La contraction de la cellule musculaire est donc modulée par la fréquence des potentiels d’action du message nerveux moteur. La cellule musculaire traduit fidèlement dans sa contraction l’information véhiculée par le message nerveux moteur.
Intégration des Messages Afférents par le Motoneurone
La contraction de la cellule musculaire est modulée par les variations du codage du message nerveux émis par le motoneurone.
Des axones de neurones variés établissent un contact synaptique avec le corps cellulaire et les dendrites d’un motoneurone médullaire. Ce sont par exemple les axones des neurones moteurs du cortex, qui émettent des messages nerveux « volontaires », ou ceux de neurones sensoriels en relation avec des récepteurs périphériques (fuseaux neuromusculaires, récepteurs nociceptifs, à la pression, au froid, au chaud). Tous ces neurones afférents véhiculent des messages codés en fréquence de potentiels d’action. Le message émis par le motoneurone dépend du traitement qu’il fait de ces messages afférents, et donc des mécanismes des synapses en jeu. Ceux-ci reposent sur le même principe que la synapse neuromusculaire, à savoir la conversion d’un message électrique en un message chimique, mais les synapses interneuroniques possèdent des propriétés qui leur sont propres.
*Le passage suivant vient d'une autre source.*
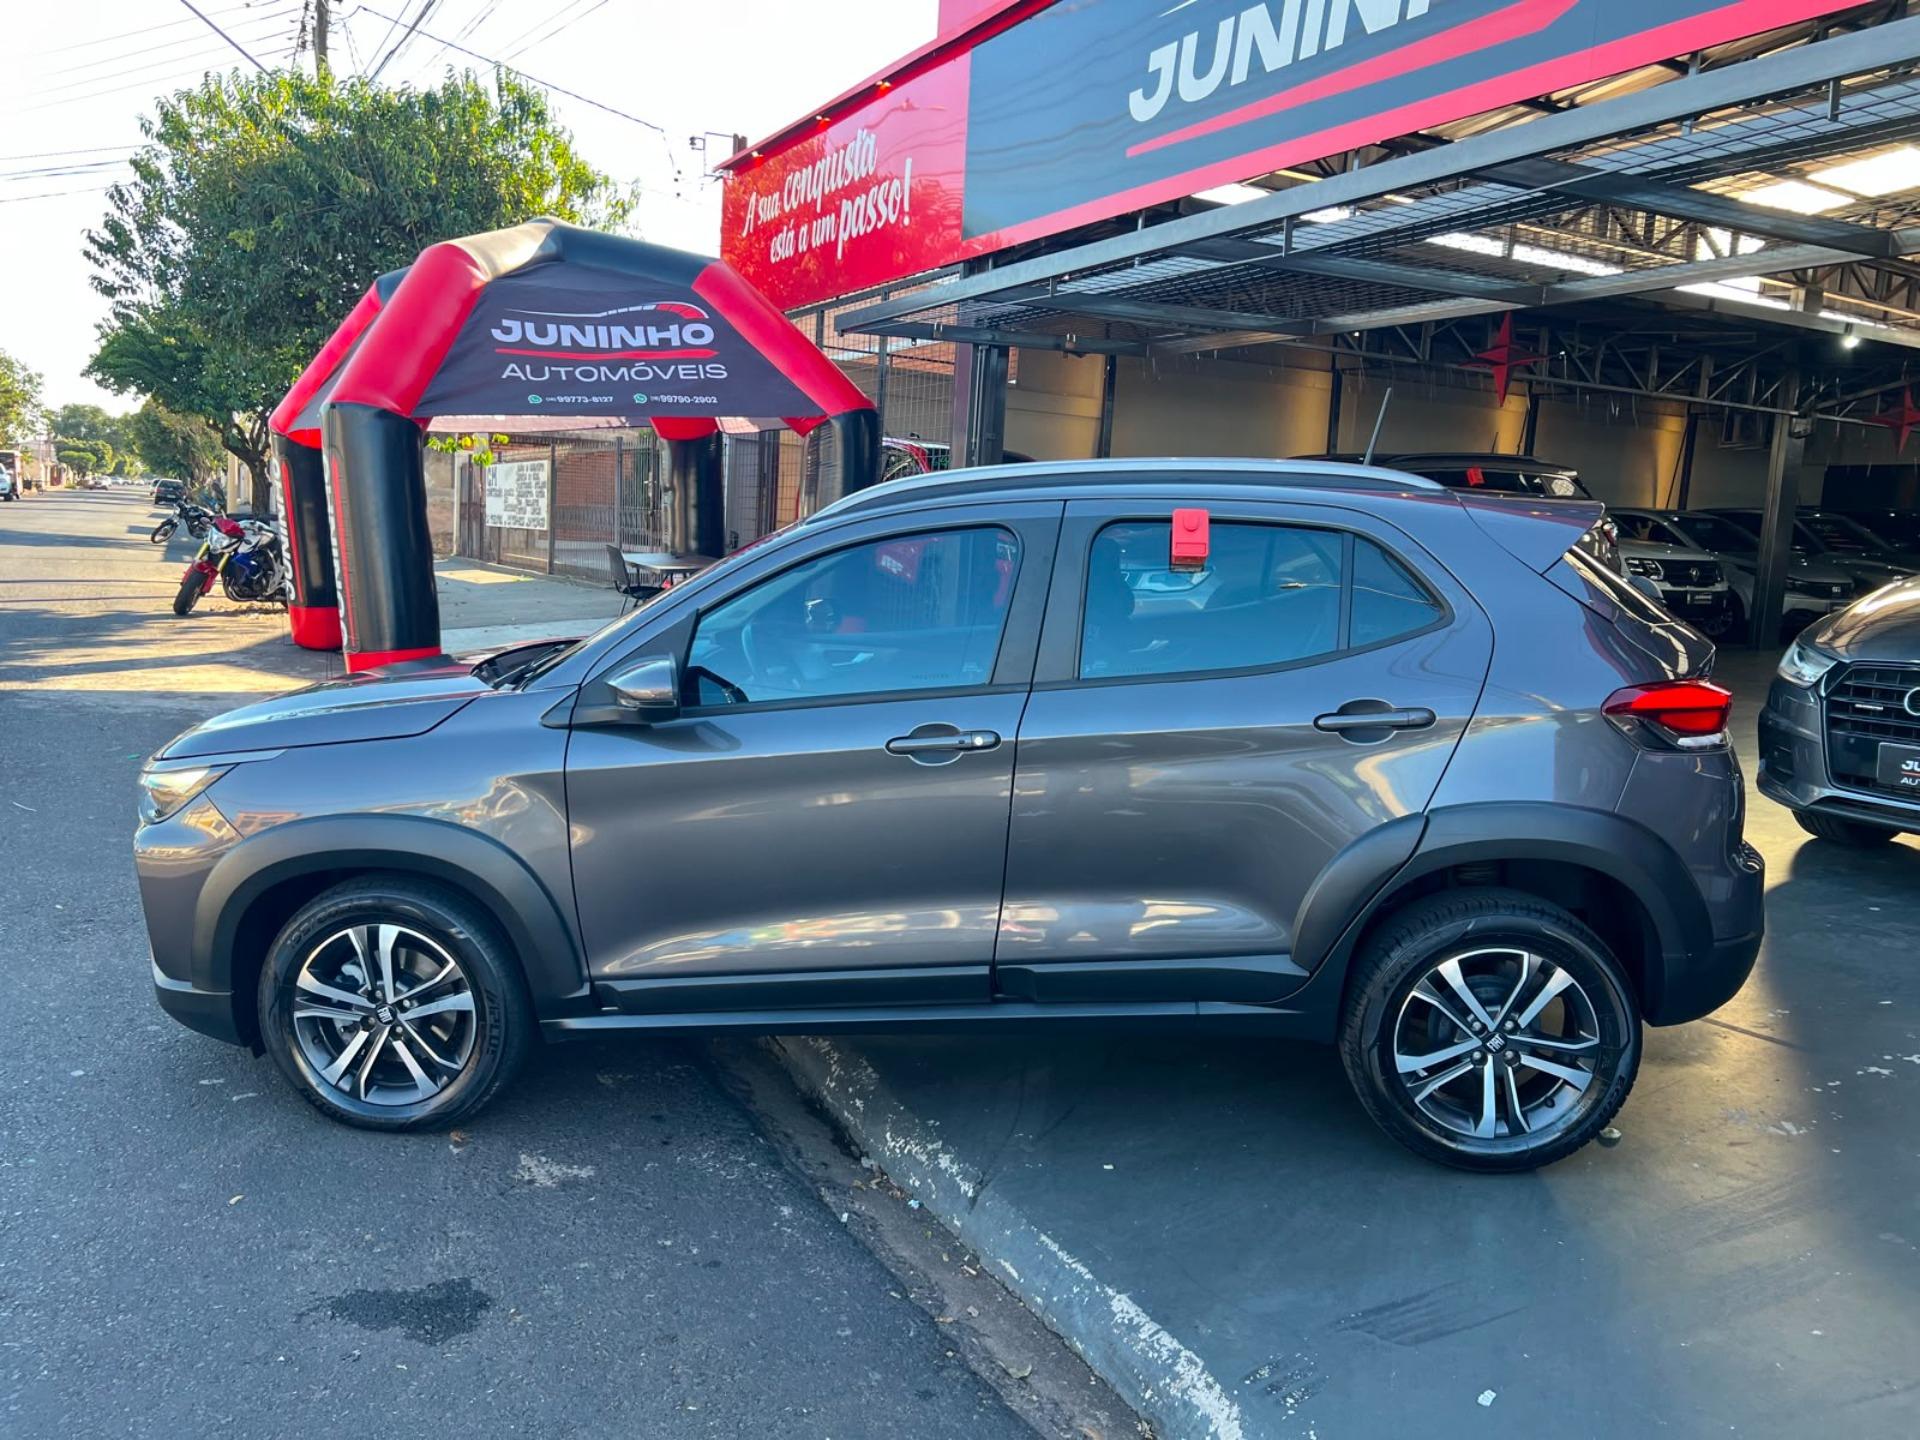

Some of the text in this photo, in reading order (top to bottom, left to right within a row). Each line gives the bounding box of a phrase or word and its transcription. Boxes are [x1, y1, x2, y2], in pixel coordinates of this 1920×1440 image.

L’arrivée d’un potentiel d’action présynaptique provoque la libération d’une quantité de neurotransmetteur insuffisante pour engendrer un potentiel d’action par le motoneurone. La synapse interneuronique ne fonctionne pas au coup par coup. Certaines synapses ne sont pas excitatrices, mais inhibitrices. Le neuromédiateur en jeu a pour effet de diminuer la capacité du motoneurone à émettre des potentiels d’action.
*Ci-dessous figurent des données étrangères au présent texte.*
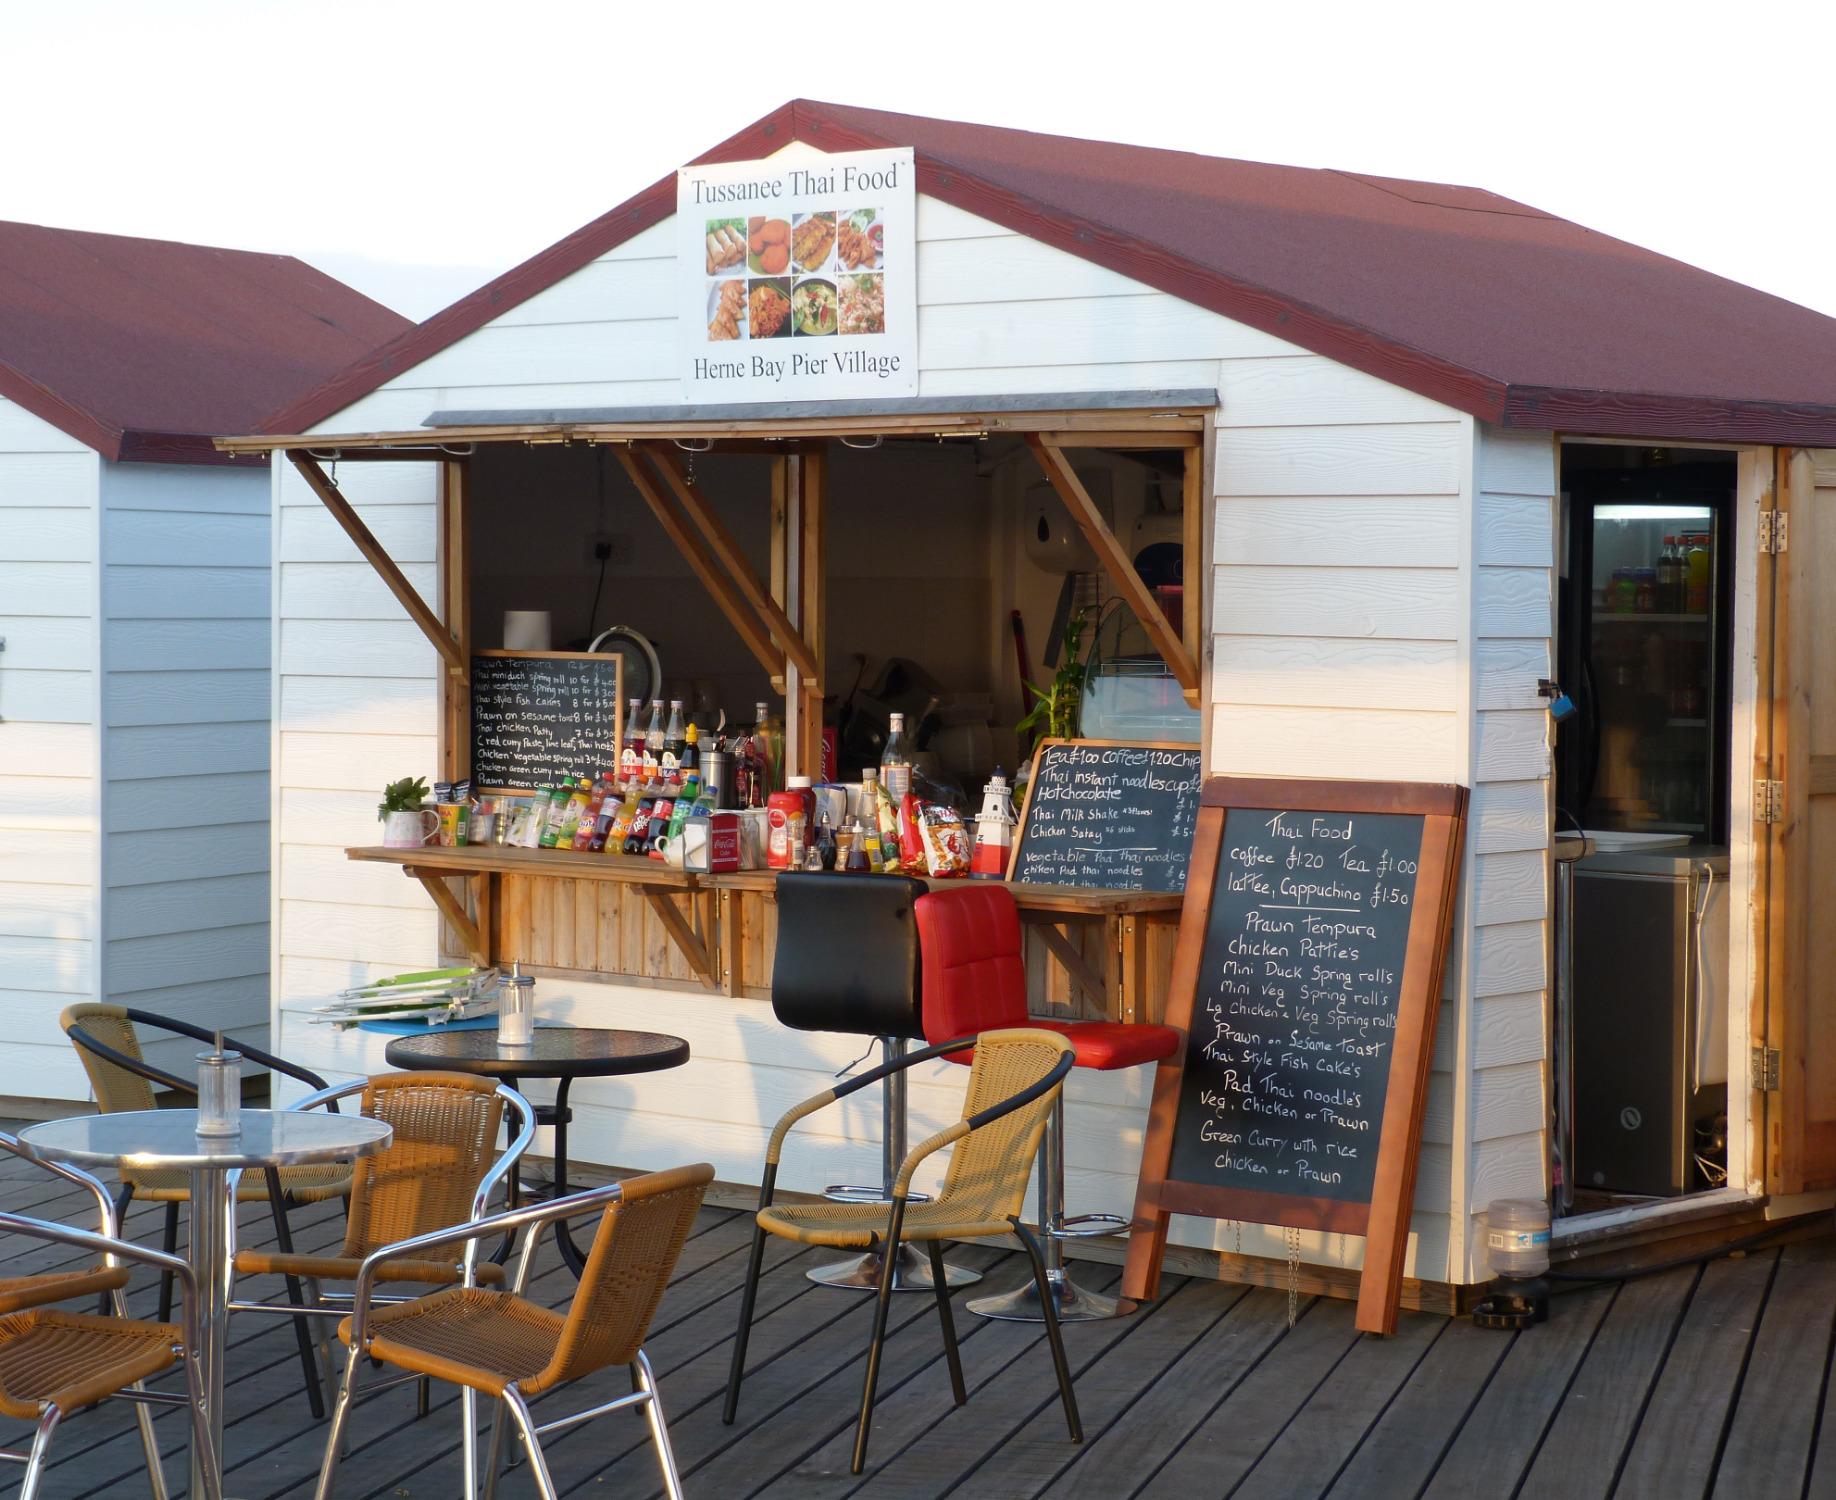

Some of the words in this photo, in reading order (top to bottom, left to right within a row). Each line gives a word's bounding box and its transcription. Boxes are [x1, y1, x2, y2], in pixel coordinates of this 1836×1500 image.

[692, 179, 782, 204] Tussanee
[788, 168, 834, 197] Thai
[842, 162, 899, 192] Food
[694, 356, 746, 380] Herne
[751, 355, 786, 382] Bay
[792, 353, 828, 376] Pier
[833, 351, 901, 378] Village
[507, 670, 526, 680] duck
[529, 672, 551, 687] spring
[532, 684, 556, 700] spring
[475, 705, 503, 721] Prawn
[505, 711, 518, 721] on
[521, 711, 556, 722] sesame
[502, 740, 522, 753] curry
[578, 739, 593, 749] Thai
[1041, 745, 1070, 766] Tea
[514, 752, 552, 765] vegetable
[553, 754, 574, 769] spring
[554, 767, 570, 777] with
[478, 772, 504, 785] Prawn
[1041, 764, 1070, 783] Thai
[1074, 770, 1119, 786] instant
[1122, 769, 1167, 790] noodles
[1037, 783, 1063, 801] Hot
[1032, 805, 1055, 821] Thai
[1087, 807, 1119, 821] Shake
[1030, 823, 1066, 838] Chicken
[1070, 826, 1103, 844] Satay
[1265, 811, 1303, 839] Thai
[1311, 818, 1353, 840] Food
[1094, 851, 1113, 863] Pad
[1145, 848, 1185, 863] noodles
[1285, 845, 1324, 870] £1.20
[1338, 845, 1371, 873] Tea
[1376, 848, 1417, 879] £1.00
[1059, 864, 1078, 876] Pad
[1082, 864, 1101, 875] thai
[1106, 865, 1143, 876] noodles
[1279, 876, 1362, 905] Cappuchino
[1369, 882, 1409, 909] £1.50
[1245, 910, 1295, 933] Prawn
[1223, 960, 1254, 975] Mini
[1264, 961, 1303, 979] Duck
[1311, 965, 1353, 991] Spring
[1220, 980, 1250, 995] Mini
[1261, 981, 1286, 1008] Veg
[1300, 984, 1347, 1014] Spring
[1206, 996, 1223, 1023] Lg
[1295, 1005, 1320, 1034] Veg
[1326, 1010, 1370, 1038] Spring
[1215, 1022, 1260, 1046] Prawn
[1288, 1029, 1332, 1052] Sesame
[1202, 1039, 1235, 1063] Thai
[1240, 1049, 1273, 1073] Style
[1280, 1052, 1309, 1071] Fish
[1223, 1069, 1254, 1094] Pad
[1259, 1072, 1295, 1099] Thai
[1305, 1112, 1318, 1120] or
[1320, 1107, 1369, 1131] Prawn
[1200, 1119, 1242, 1144] Green
[1248, 1129, 1289, 1158] Curry
[1293, 1138, 1318, 1153] with
[1326, 1141, 1358, 1158] rice
[1276, 1168, 1290, 1176] or
[1295, 1158, 1341, 1184] Prawn
Le message chimique libéré par un neurone présynaptique excitateur est codé en concentration du neurotransmetteur. Plus la fréquence des potentiels d’action afférents est forte, plus la concentration du neurotransmetteur dans l’espace synaptique est élevée, ce qui permet l’émission de potentiels d’action moteurs par le motoneurone. On parle de sommation temporelle. Plusieurs neurones afférents excitateurs établissent des synapses avec le même motoneurone. Leurs effets sur le motoneurone s’additionnent et peuvent conduire à l’émission de potentiels d’action moteurs. On parle de sommation spatiale. Les mêmes propriétés s’appliquent aux synapses inhibitrices. Ainsi le motoneurone est capable de prendre en compte l’ensemble des messages afférents excitateurs et inhibiteurs qu’il reçoit. C’est grâce à cette propriété intégratrice que le motoneurone est capable d’émettre un message nerveux variable, modulant la contraction de la cellule musculaire qu’il commande.
Réponses Effectrices Adaptées
La stimulation des motoneurones fléchisseurs par voie réflexe conduit à retirer la main d'un objet brûlant, quitte à le laisser tomber. Mais si on tient à cet objet, le cortex moteur émet quasi simultanément des messages nerveux volontaires qui inhibent les motoneurones des muscles fléchisseurs en jeu. Cette inhibition peut supplanter la stimulation périphérique et, grâce à cette modulation de la contraction, la réaction motrice évite la chute de l’objet.